Our ability to pay the principal and interest on our long-term debt and to satisfy our other liabilities will depend upon future performance and our ability to repay or refinance our debt as it becomes due. Our future operating performance and ability to refinance will be affected by economic and capital market conditions, results of operations, and other factors, many of which are beyond our control. The current COVID-19 pandemic initially resulted in limited availability of public debt markets.
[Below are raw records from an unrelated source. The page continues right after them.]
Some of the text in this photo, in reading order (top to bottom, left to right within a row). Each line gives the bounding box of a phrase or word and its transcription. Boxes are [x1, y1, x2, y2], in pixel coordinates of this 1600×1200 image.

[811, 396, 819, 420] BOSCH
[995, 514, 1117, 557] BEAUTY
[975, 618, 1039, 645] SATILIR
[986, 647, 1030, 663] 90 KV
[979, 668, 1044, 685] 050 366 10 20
Our ability to meet our debt service obligations also may be impacted by changes in prevailing interest rates, as borrowing under our existing revolving credit facility bears interest at floating rates.
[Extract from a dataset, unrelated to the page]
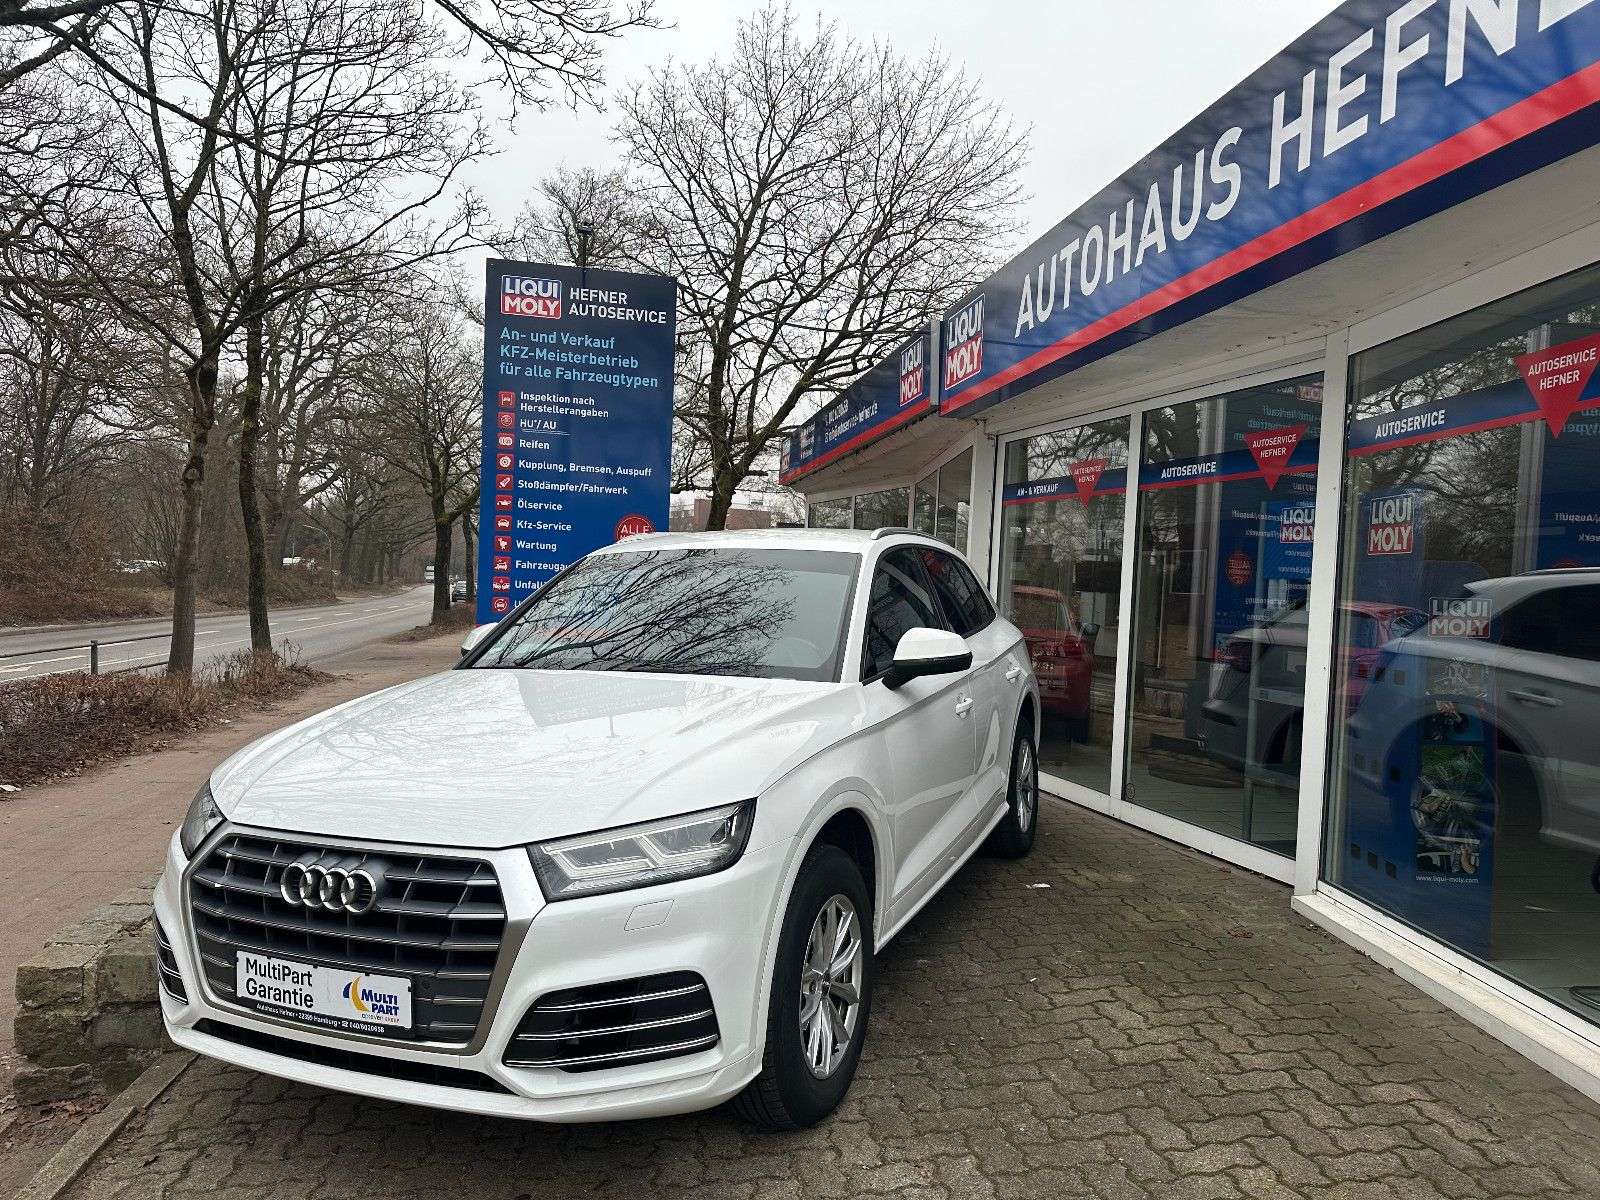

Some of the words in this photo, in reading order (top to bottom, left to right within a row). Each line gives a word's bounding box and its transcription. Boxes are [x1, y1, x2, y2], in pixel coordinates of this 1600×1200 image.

We may not generate sufficient cash flow from operations. Without sufficient cash flow, there may not be adequate future sources of capital to enable us to service our indebtedness or to fund our other liquidity needs. Our cash flow has been impacted by the reduced commodity prices and lower production resulting from diminished demand caused by the COVID-19 pandemic. If we are unable to service our indebtedness and fund our operating costs, we will be forced to adopt alternative strategies that may include:
•reducing or delaying capital expenditures;
•seeking additional debt financing or equity capital;
•selling assets; or
•restructuring or refinancing debt.
We may be unable to complete any such strategies on satisfactory terms, if at all. Our inability to generate sufficient cash flows to satisfy our debt obligations or contractual commitments, or to refinance our indebtedness on commercially reasonable terms, would materially and adversely affect our financial condition and results of operations.
The instruments governing our indebtedness contain various covenants limiting the discretion of our management in operating our business.
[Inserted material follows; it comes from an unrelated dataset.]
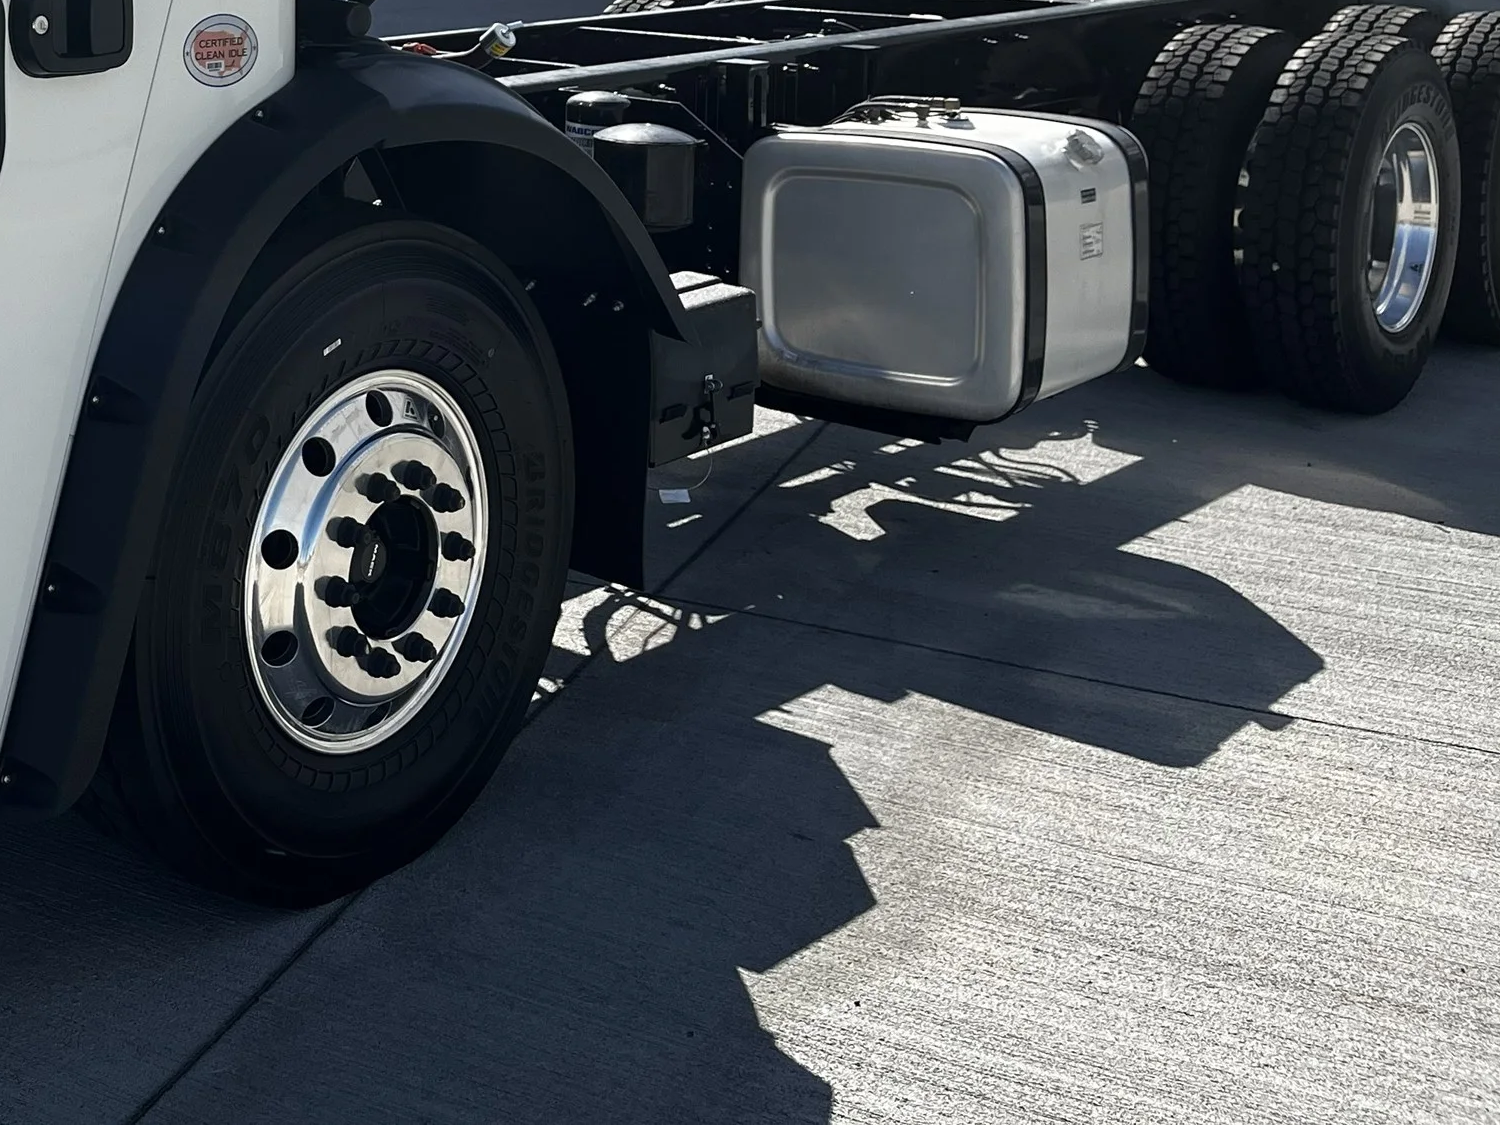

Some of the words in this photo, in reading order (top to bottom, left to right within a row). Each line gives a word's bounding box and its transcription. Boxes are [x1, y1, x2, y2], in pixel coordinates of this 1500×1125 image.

[199, 37, 243, 49] CERTIFIED
[195, 50, 225, 61] CLEAN
[228, 48, 248, 58] IDLE
The indenture governing our senior notes and our credit agreement contain various restrictive covenants that may limit management’s discretion in certain respects. In particular, these agreements may limit our ability to, among other things:
•create certain liens; or
•consolidate, merge, or transfer all, or substantially all, of our assets and our restricted subsidiaries.
In addition, our revolving credit agreement requires us to maintain a total debt-to-capitalization ratio (as defined in the credit agreement) of not more than 65%. While we were in compliance with this covenant at December 31, 2020, net losses in the future driven by ceiling test impairments could cause us to exceed this ratio.
If we fail to comply with the restrictions in the indenture governing our senior notes or the agreement governing our credit facility or any other subsequent financing agreements, a default may allow the creditors, if the agreements so provide, to accelerate the related indebtedness as well as any other indebtedness to which a cross-acceleration or cross-default provision applies. In addition, lenders may be able to terminate any commitments they had made to make available further funds.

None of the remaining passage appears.